Wednesday, September 16, 2009

Capital Hill Coming to Moon Plan Rescue!


This past tuesday, NASA got a boost for it's return to the moon program. And from members on Capital Hill.

Basically, its a plea for an additional $3 billion dolalrs a year to NASA to keep the plan originally proposed by President George W. Bush.

Head of the President Obama's panel that review the space program proposal said, "With the resources available, the program I think is fatally flawed." So said Norman Augustine, the panel's head. Mr. Augustine is a retired chief executive officer of Lockheed Martin Corp.

Congressmen from both parties, including the wife of a astronaut, came to the plan's defense - attacking the Augustine panel for their conculsions.

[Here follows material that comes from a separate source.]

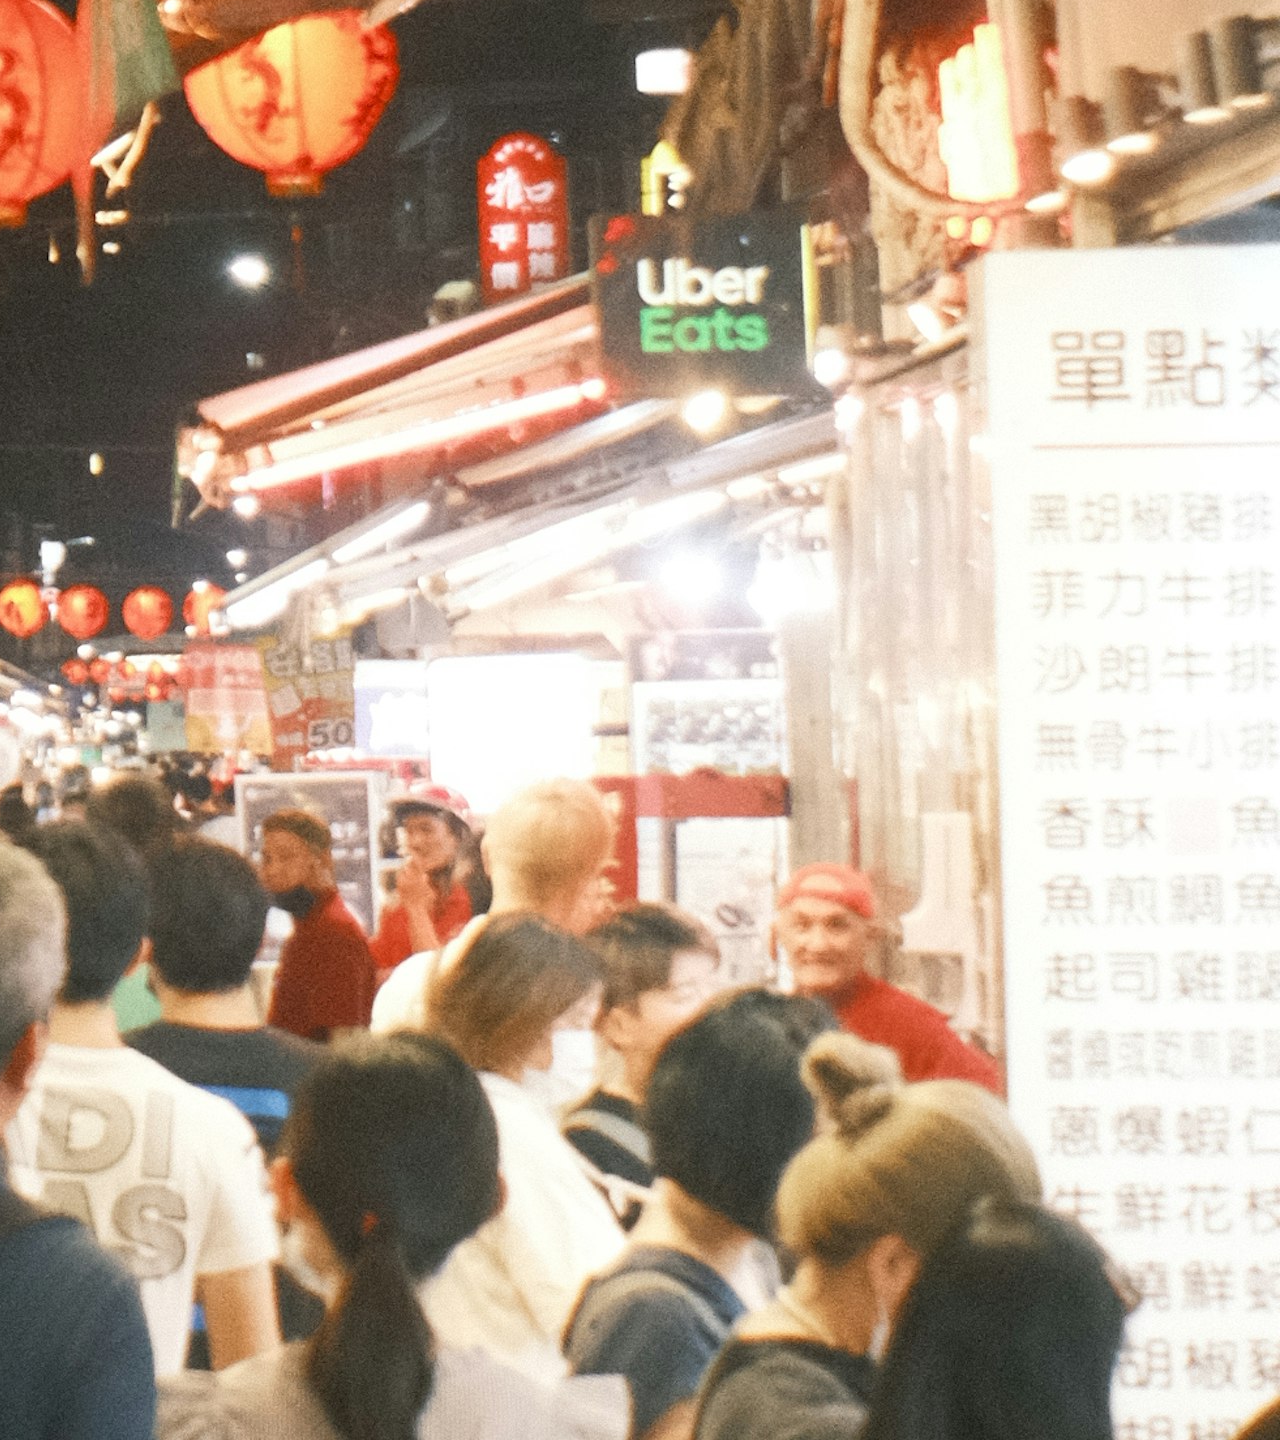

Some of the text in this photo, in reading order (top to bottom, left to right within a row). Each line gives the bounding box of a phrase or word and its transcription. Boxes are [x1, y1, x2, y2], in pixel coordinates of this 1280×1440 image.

NASA has already spent $8 billion on the Constellation Project. By 2020, $100 billion would have been spent on that program.

"I don't see the logic in scrapping what the nation has spent years and billions of dollars to develope," House Space Subcommittee chairwoman Gabrielle Giffords (D-AZ). Her husband Mark Kelly, is schedule to command a shuttle mission next year. She went on to add that there needs to be a very compelling reason to change the program.

Augustine told the Associated Press after the hearing that "the sunken costs argument doesn't carry much weight with us."

Former NASA Administrator Michael Griffin - came to the defense of his pet project. Griffin agree with the Augustine reprot in saying there was not enough money in the current budget to explore space and go anywhere new. Griffin noted that Presidents Obama, Bush, and Bill Clinton all essentially cut NASA spending, with a drop of about 20 percent since 1993. Griffin in his wirtten testimony defended the Bush moon program technical design and emphasized that it should continue with the extra money. He asked that the Augustine Commission, Congress and President Obama should ask themeselves ,"exactly why does the policy which we established in law - twice - need to be changed?"

The Augustine commission recommened dropping the Aries I rocket and go straight to the Ares V booster system. Last week, the Ares I was test fired and it past that crucial test.

UPDATE (September 17, 2009). Added additional link in Ref section below.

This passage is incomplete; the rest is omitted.